During February, we spend a lot of time focusing on hearts. February is recognized as Heart Health Month, and it is also home to Valentine’s Day. When it comes to heart, we often have an easier time showing love, kindness, and compassion to others than we do to ourselves. You know the saying, “you are your own worst critic.” But self-compassion is so important for well-being and mental health!
Let’s be kind to ourselves and practice self-compassion this month — It’s OK to show love to yourself too!
What did you discover? Truth is, each one of us probably has something about ourselves that we don’t like; something that causes us to feel shame, insecurity, or simply not “good enough.” It’s part of human nature to be imperfect, and these feelings are part of everyone’s experience as part of living human life. However, we can change these self-critiques to self-praise with practice!
Writing is a great way to practice self-compassion. It allows us a safe place to explore our insecurities and also our strengths. I encourage you to try the following exercise that we included in our most recent email to past EveryWoman’s journal participants. This exercise was adapted from an activity used by the Centre for Clinical Interventions and also Dr. Kristin Neff with the Harvard Medical School affiliation,Center for Mindful Self-Compassion.
Which imperfections make you feel inadequate?
Try writing about an issue you have that tends to make you feel bad about yourself (physical appearance, work or relationship issues, etc.). What emotions come up when you think about this aspect of yourself? Try to just feel your emotions exactly as they are – no more, no less – and then write about them.
Write a letter to yourself.
Now think about a friend (imaginary or real) who is unconditionally loving, accepting, kind and compassionate. This friend can see all your strengths and all your weaknesses, including the “flaw” you have just been writing about. Write a letter to yourself in the mindset of this friend. What would this friend say to you about your “flaw” from the perspective of unlimited compassion? How would this friend convey the deep love he/she feels for you, especially for the pain you feel when you judge yourself so harshly? What would this friend write in order to remind you that you are
only human, that all people have both strengths and weaknesses? If you like, use the following prompt to get you started with your writing, or go ahead with a free write.
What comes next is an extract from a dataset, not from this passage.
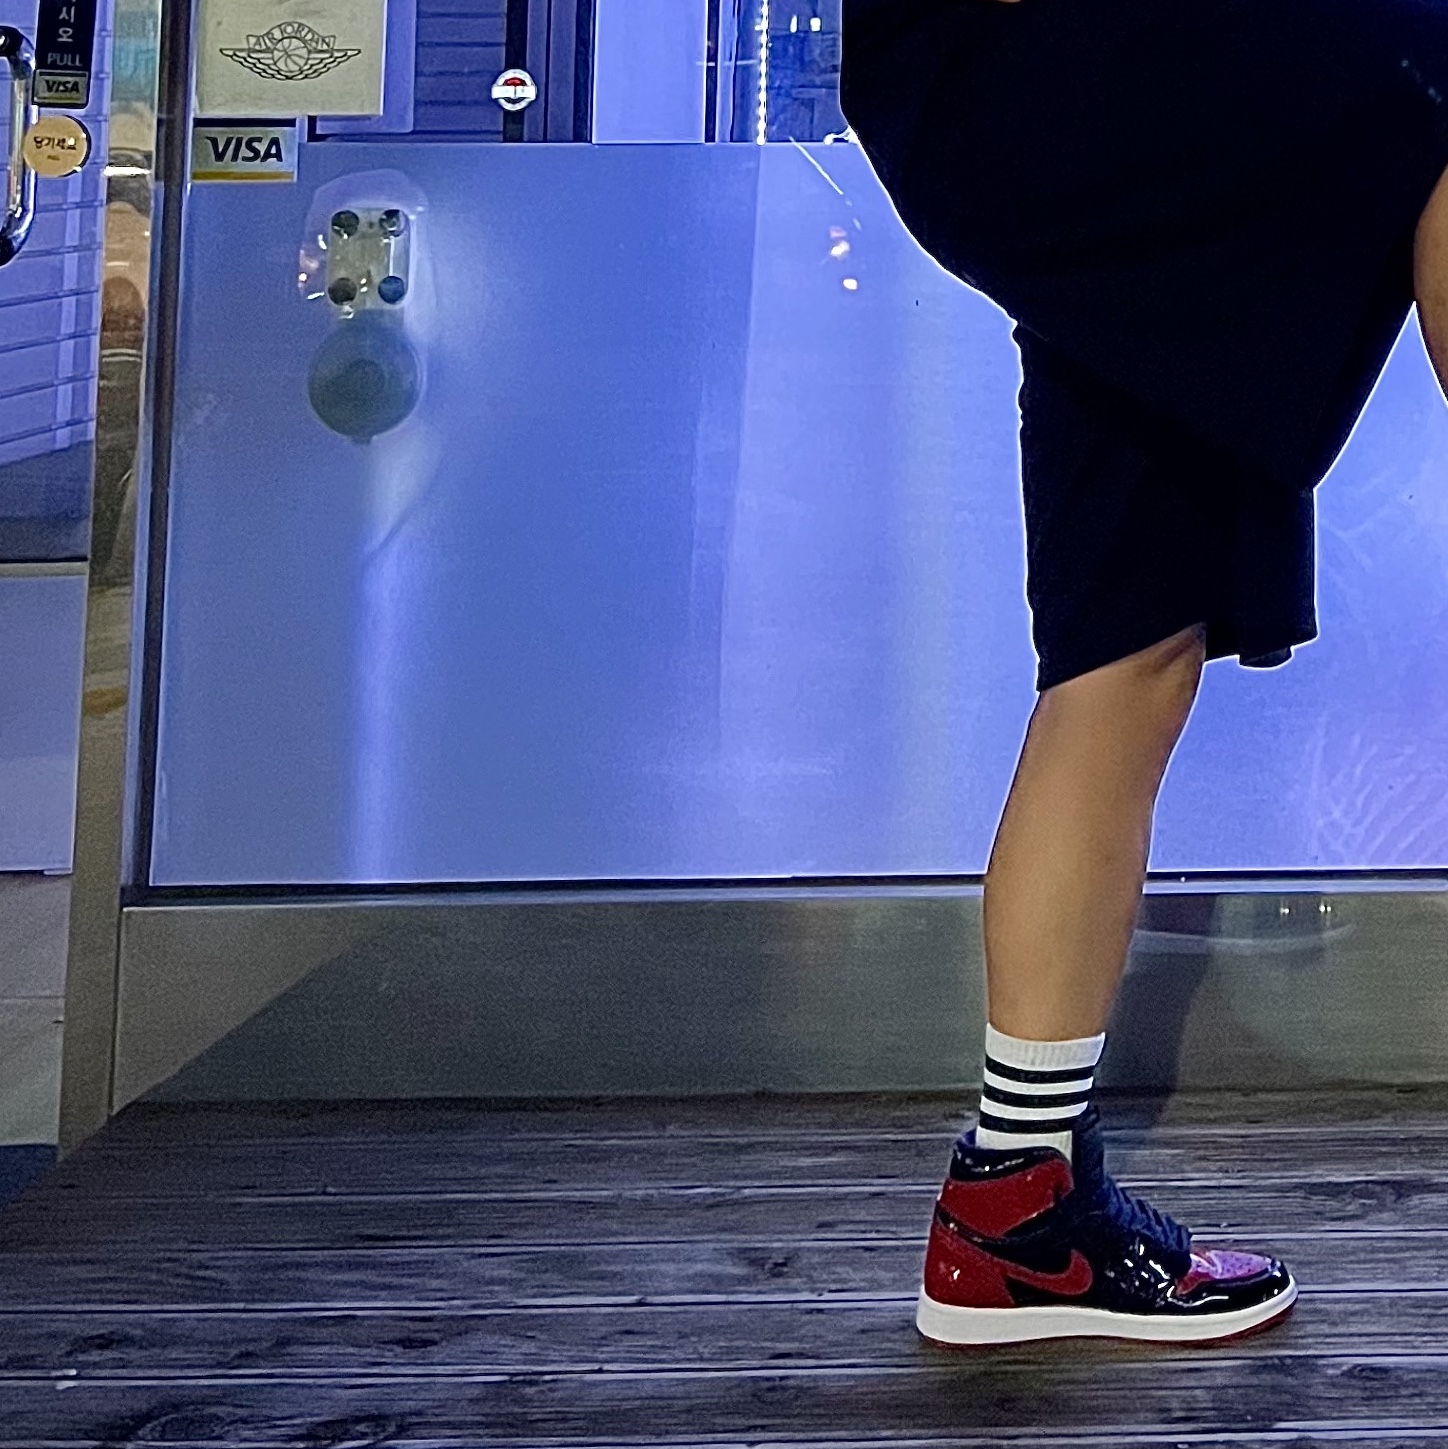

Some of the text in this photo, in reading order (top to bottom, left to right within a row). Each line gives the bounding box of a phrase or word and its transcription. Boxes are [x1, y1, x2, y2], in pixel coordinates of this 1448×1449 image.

Remember you are writing this letter to yourself, and trying to bring a caring and kind perspective to whatever the problem is. Avoid blame. Give yourself encouragement.
Dear [yourself],
I am writing to you because I understand that it is really hard for you at the moment. I know you are struggling with [the problem/trigger]. I am sorry you have to go through this. I hope you know that it is ok to feel [current emotions]. I hope you know that everyone experiences difficulties. Human beings are imperfect and we all struggle, so I hope you know you are not alone in this. I am wondering if you have thought about [add any helpful perspectives about the problem]. I really want your struggle to get easier. To help you feel better, address the problem, and move forward, I am wondering if it would help to [add any actions that might bring comfort or help solve the problem]. [Add anything else that needs to be said]. Please know I care about you and am here for you whenever you need.